Hey Owen, have you heard about the new EAW SB2001? Might be a good option if the box size works for you...
I was going to pose this question in a new thread but luckily I found this one via a forum search.  [no thread hijack]

Okay, so what's the deal with the EAW SB2001 vs.

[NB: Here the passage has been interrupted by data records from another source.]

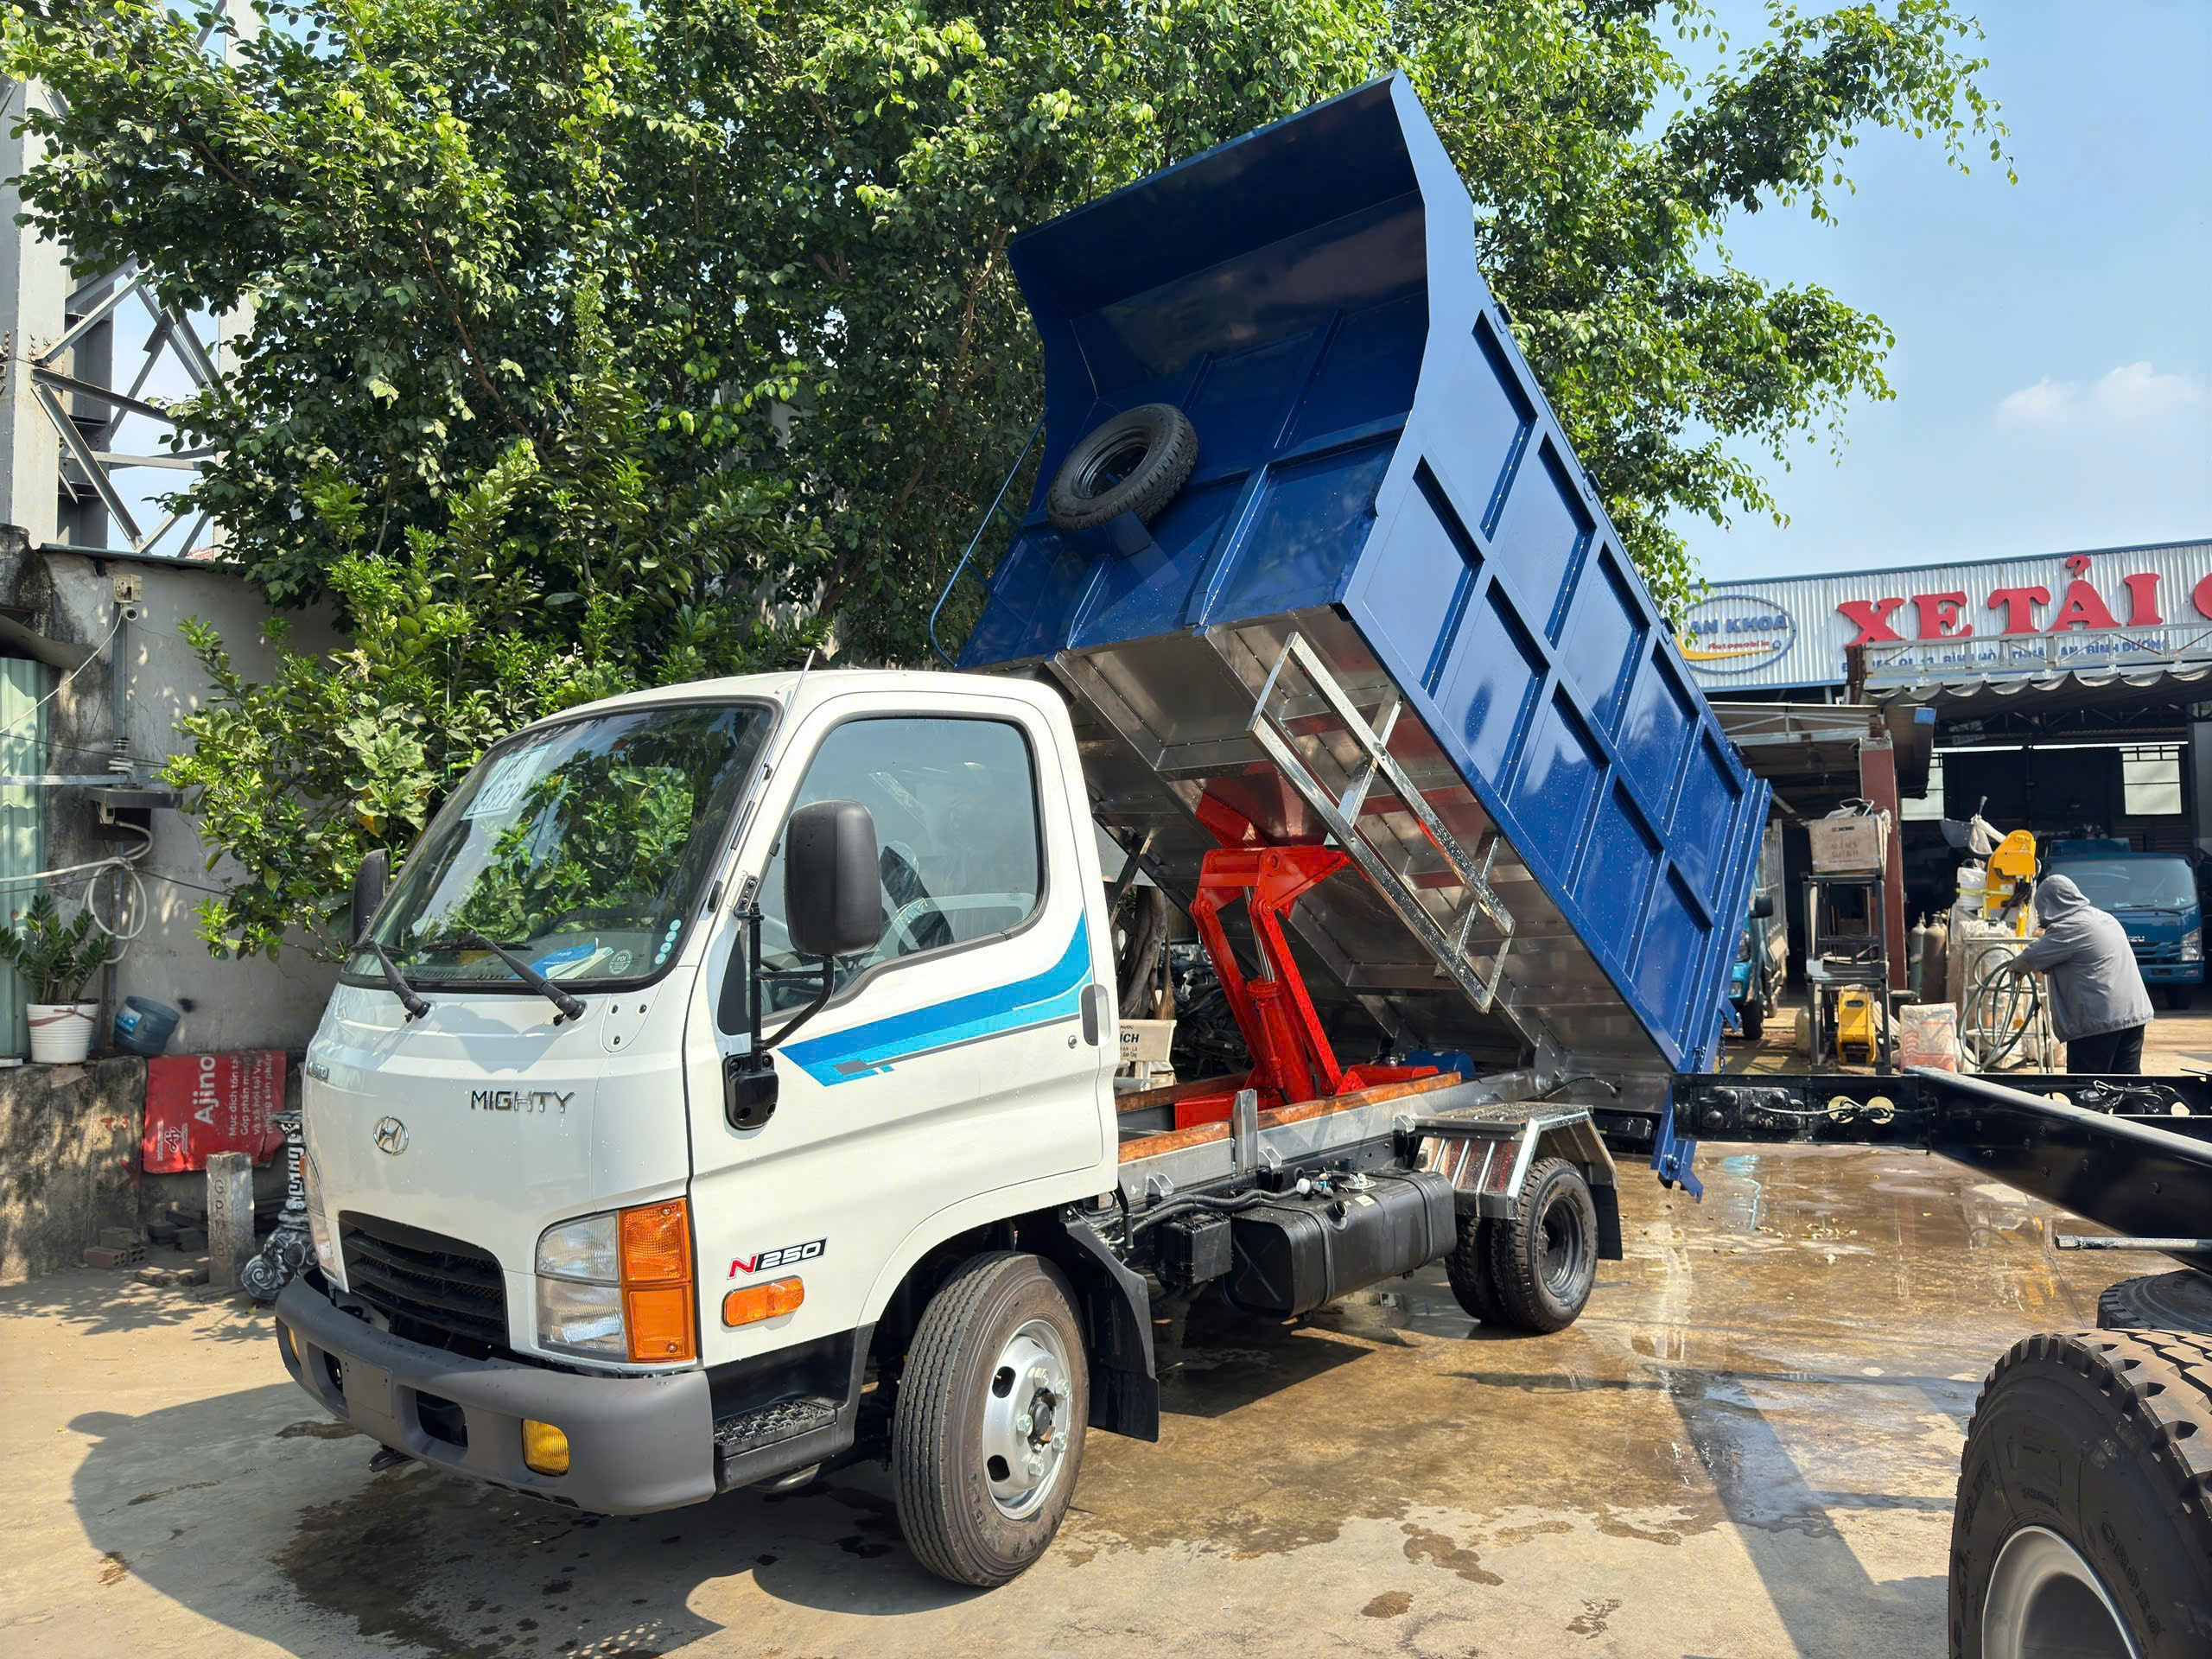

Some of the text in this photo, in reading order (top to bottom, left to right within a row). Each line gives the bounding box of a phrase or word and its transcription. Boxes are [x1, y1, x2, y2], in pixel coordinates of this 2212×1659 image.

[1837, 591, 1974, 648] XE
[1988, 554, 2164, 635] TẢI
[1726, 615, 1788, 633] KHOA
[193, 1056, 219, 1125] Ajino
[471, 1090, 576, 1113] MIGHTY
[728, 1242, 822, 1279] N250

DBH218 comparison? 

The EAW seems to generally be:
- 11dB+ less efficient sensitivity-wise
- 4dB lower in Peak SPL (in the usable sub frequency range)
- 10dB lower in Peak SPL (at a given frequency - 100Hz?)
- able to go down to 20Hz but EAW doesn't state (+ - 3dB) or (+ - 10dB)

I'm not sure how the above changes considering the EAW requires special processing to sound great.

I'm inquiring for a new dance club soundsystem we're spec'ing.  The capacity is 850+ and we want subs for the 65'x50' dance floor.  It'll most likely be two subs clustered for the dance floor.  I'm leaning towards the Danley DBH218 but we've gotten quotes already on the SB2001. 

I'm thinking the DBH218's would be a better solution.  The music genres will be mostly Pop, Rap, Reggae and R&B (canned music... CDs/MP3s/vinyl). 


« Last Edit: April 15, 2011, 10:10:18 am by Reggie Kendrick »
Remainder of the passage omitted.